Algebrai számokkal kapcsolatos algoritmusok és számítások

Abstract

The dissertation is about algorithms of algebraic numbers and related theoretical questions. An important aspect of the discussed algorithms is that they calculate exactly, not numerically. In this way we avoid the usual problem of numerical calculations, the rounding errors, but the exact algorithms are usually slower, and they often suffer from coefficient explosion. Avoiding this problem and maintaining the running time (i.e. ensuring polynomial time) is an important aspect of exact algorithms. The dissertation has two major parts. The first half deals with the computational complexity of operations and algorithms involving algebraic numbers. We calculate the running time of the main operations in algebraic number fields (using some existing results). We also analyse some special operations like comparison between real algebraic numbers and integer rounding. These results enable us to analyse two algorithms, the Bareiss algorithm (a generalisation of the Gaussian elimination) and the LLL algorithm (a lattice reduction algorithm) on algebraic numbers using exact arithmetic, and analyse their complexity.
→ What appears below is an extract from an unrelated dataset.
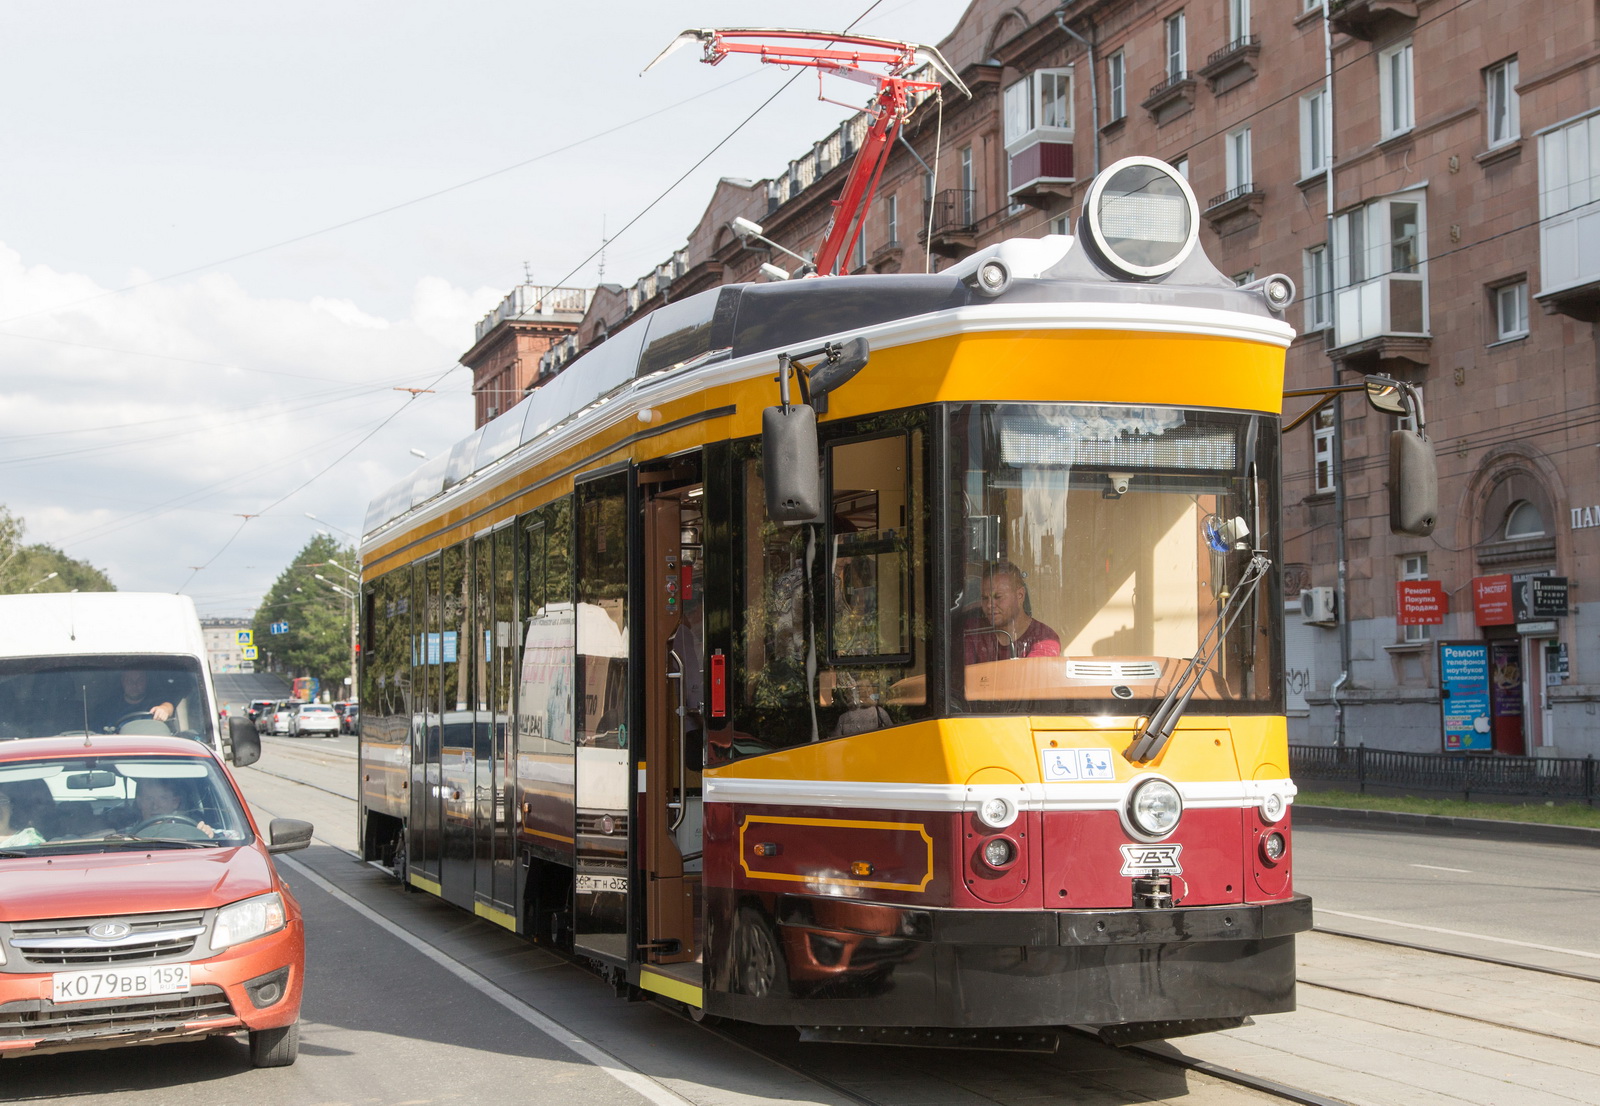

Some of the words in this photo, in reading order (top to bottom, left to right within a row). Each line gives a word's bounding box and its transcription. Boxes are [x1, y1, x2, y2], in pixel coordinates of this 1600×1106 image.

Their behaviour is well-known for integers, but we extend them to algebraic integers, and prove that their running time remains polynomial. The second half of the dissertation is about special algebraic numbers: roots of integer polynomials whose all roots are outside of the complex unit circle. Such polynomials are called expansive polinomials. We examine the question how to decide whether a polynomial with integer coefficients is expansive (without calculating its roots). There are some existing methods for this, but we introduce a new method that is guaranteed to avoid coefficient explosion. Then we examine how close the roots of an expansive integer polynomial can be to the unit circle, and give lower bounds on this distance in terms of the parameters of the polynomial. Then we construct a family of expansive polynomials that have roots very close to the unit circle, thus showing that the lower bounds are almost sharp.